Ces bruits proviennent d'un accès à la galerie aux oiseaux; de splendides et imposantes volières permettent d'apprécier la vue des perroquets multicolores et des aras bleus qui se pavanent fièrement devant leurs admirateurs conquis. Plus loin, ce sont des oiseaux mandarins chahutant et ensuite des colombes dociles que je peux contempler assise sur un banc disposé devant les cages. Par les ouvertures donnant sur l'extérieur, j'aperçois les cygnes noirs en liberté sur une pièce d'eau tandis que des paons se font concurrence devant leurs congénères femelles.

Il doit y avoir, comme souvent, une fête à thèmes ce jour-là car tous les visiteurs que je croise, sont habillés à la mode 1900! Leurs déguisements sont parfaitement réussis, même les enfants jouent avec des jeux sortis du siècle passé.

Personne ne fait attention à moi avec mes jeans et mon chemisier fleuri.

Je délaisse les oiseaux pour aller vers la salle des fauves, annoncée par un écriteau en bois où sont dessinés et peints des félins. Ici l'odeur est acre, il fait plus chaud, quelques secondes, la peur me tétanise, j'essaie de me rassurer, je suis en sécurité. Les grilles sont épaisses mais tout de même, je suis seule, j'aimerai que d'autres curieux m'accompagnent.

Un rugissement me fait sursauter, le lion, bien loin de sa savane, à ma vue ou à mon odeur, s'est redressé de sa litière de paille sèche. Ses yeux mordorés me détaillent, puis dans un grognement exprimant son impuissance, il se rallonge nonchalamment, je ne suis pas digne de son intérêt semble t'il.

Je m'enhardis dans les allées, les panthères noires me lancent des éclairs de leurs yeux émeraude où brillent des éclats d'or. Le pelage luisant, les muscles fuselés, elles tournent inlassablement dans le territoire qui leur est dévolu, l'air prêt à bondir.
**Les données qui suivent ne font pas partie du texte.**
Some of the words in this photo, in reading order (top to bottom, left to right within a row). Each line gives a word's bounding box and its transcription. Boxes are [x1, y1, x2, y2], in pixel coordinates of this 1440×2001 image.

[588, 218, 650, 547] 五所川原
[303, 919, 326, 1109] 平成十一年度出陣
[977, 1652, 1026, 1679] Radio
Inversement à nous, humains du monde moderne, je constate que les animaux sauvages ont gardé leur élégance naturelle. Ils sont simples dans l'expression de leur pure beauté et c'est cela, je crois qui me fascine. N'est-ce pas cette pureté que l'on retrouve chez certains peuples encore éloignés dans leur mode de vie de notre civilisation ? Avons-nous, au cours de notre constante marche en avant, perdu l'essentiel?

Je ne peux m'empêcher de songer à la vie, jadis, sauvage de ces félins emprisonnés là. On a sacrifié leur liberté pour nous éduquer, est-ce encore bien nécessaire à notre époque?

Je quitte la salle des fauves après avoir vu les pumas, les lynx et les chats sauvages, je suis désabusée...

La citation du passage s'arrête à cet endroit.